Business climate is a term which indicates how business development is supported by state, regional and local policies, by local communities, how business-to-business networks and labour relationships facilitate business activities. A good business climate allows businesses to conduct their affairs with minimal interference from authorities, while enabling the access to high quality inputs and to customers at low costs, offering investment possibilities with few risks and higher returns when compared to other places. 1

New firms are created by a combination various factors, such as the availability of skilled people, access to capital and the existence of promising business opportunities where risks are outweighed by expected benefits.

Analogous factors affect the growth of firms and the decisions of foreign investors. These factors can be affected by several different policy areas that are responsible for business climate development.

• The availability of skilled people can be affected by regulations that improve the functioning of the labour markets, by supporting the offer of business and technology services, moreover by the availability of training, with special respect to the spreading of entrepreneurial and management knowledge.

• The amount of capital can be positively influenced by creating a good legal and institutional framework the capital markets, and by offering government supported loans and loan guarantees can affect available for entrepreneurs.

• Business opportunities are also affected by regulations, e.g. regulation of entry into different sectors of the economy, administrative simplifications for start-ups, government control on business activities, access to international markets, bankruptcy legislation, by regulation of transfers of knowledge from universities.

Business climate development - as any other policy area - is regularly evaluated. The decision makers of various government agencies, business organisations and also taxpayers in general need regular feedback on the performance of measures taken in order to improve the business environment. Evaluations can address the whole strategy, or may focus on a particular set of measures such as a subsidized project, a campaign, a programme or a regulation. The resulting evaluation reports should offer insight and expert opinion on whether these interventions were successful in terms of various criteria such as relevance, efficiency, effectiveness, impacts and sustainability. In particular, if the evaluation report focuses on the issue of impacts, i.e. to what extent the events following the policy measure can be attributed to the assessed intervention itself, then the report is called an impact assessment.

Out of the various areas of business climate development, this book focuses on better regulation and small business policies. Further studies are under preparation on the application of evaluation and impact assessment in other policy fields of business climate development.

The book offers various analytical instruments that can be applied in research conducted on business climate development policies. At the same time, the substantive 2 dimension of the book provides analyses on specific strategies and instruments of small business development policy and regulatory policy.

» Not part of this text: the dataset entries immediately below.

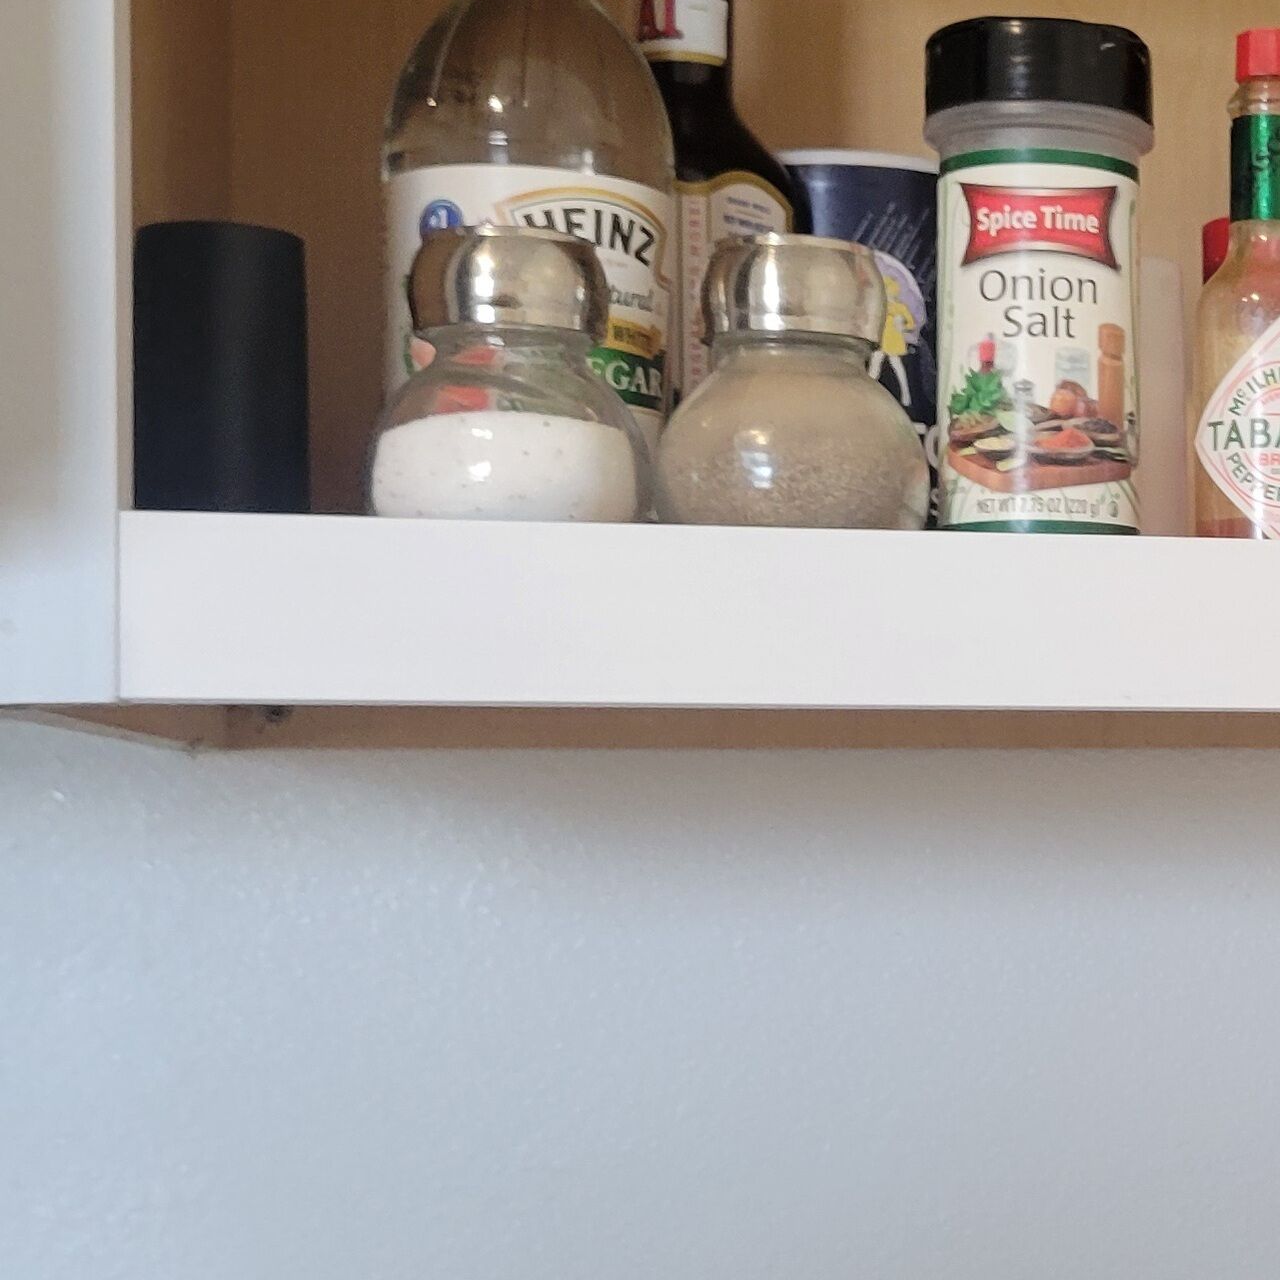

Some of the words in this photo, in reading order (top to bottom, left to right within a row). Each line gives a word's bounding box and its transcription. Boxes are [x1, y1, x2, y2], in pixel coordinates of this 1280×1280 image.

[521, 206, 657, 269] HEINZ
[976, 205, 1037, 237] Spice
[1039, 204, 1100, 234] Time
[979, 267, 1097, 305] Onion
[1002, 305, 1076, 339] Salt
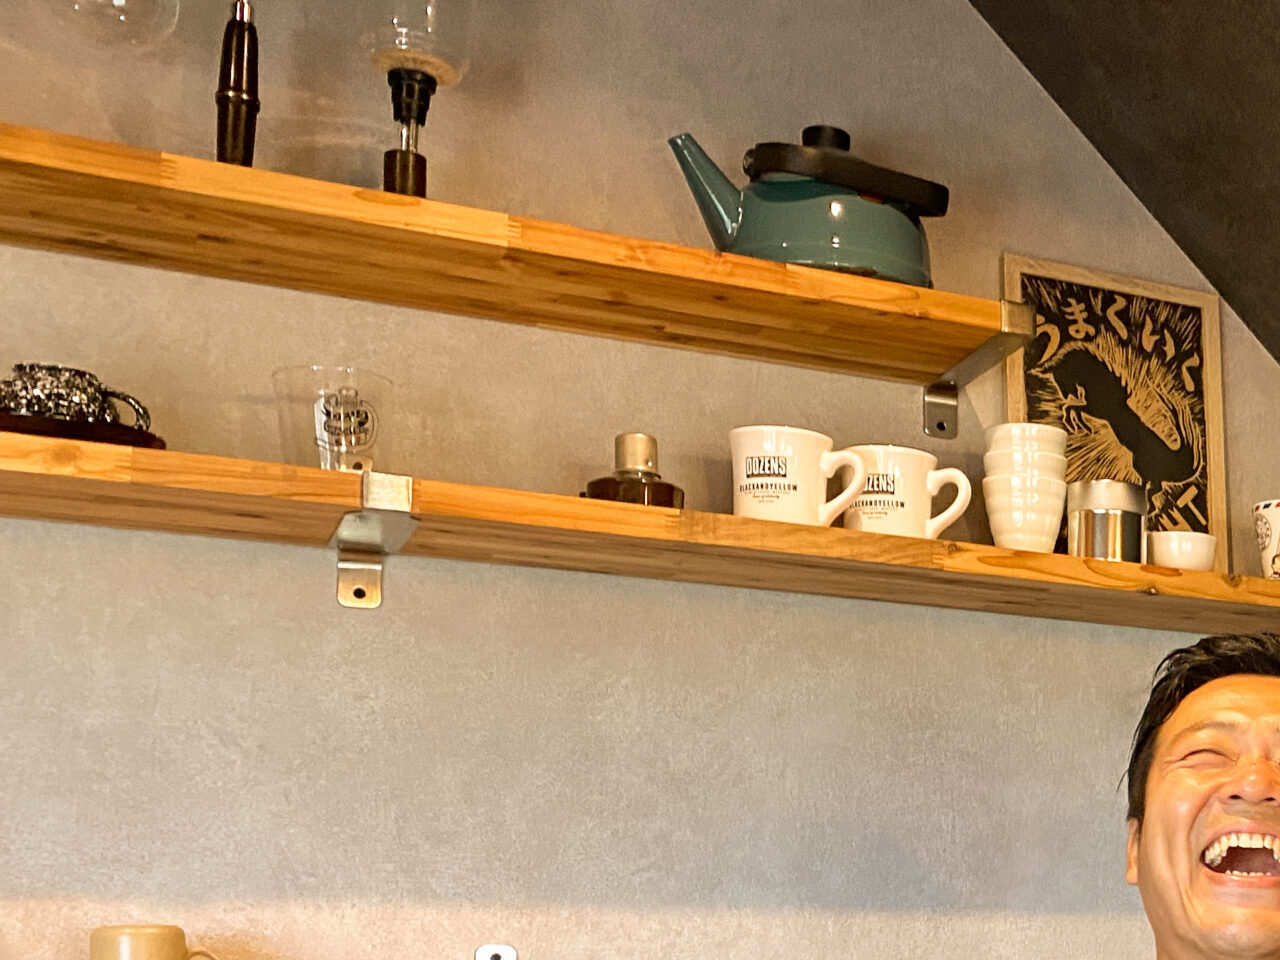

Methodological dimension. The book aims to systematically portray and to classify those methods of impact analysis and evaluation that have already become influential in policy making. These methods have been applied to assess the success or failure of projects, programmes and regulatory measures, ranging from small business development policy, regional development policy, environmental policy and other fields. These methods will be placed into an institutional context by giving an overview about those international, national and regional donor organisations and public services that have institutionalised and routinely apply these methodologies in order to obtain feedback about their development activities. Special attention is paid to

1The OECD has defined the following areas of business climate development: Investment Policy and Promotion, Privatisation Policy and Public Private Partnerships, Tax Policy, Trade Policy and Facilitation, Policies for Better Business Regulation, SME Policy and Promotion, Anti-Corruption, Corporate Governance, Business and Commercial Law, Conflict Resolution, Infrastructure, Human Capital Development Policy. [OECD 2010]

2 Substantive in this case means non-methodological aspects, i.e. related to particular policies, programmes and projects.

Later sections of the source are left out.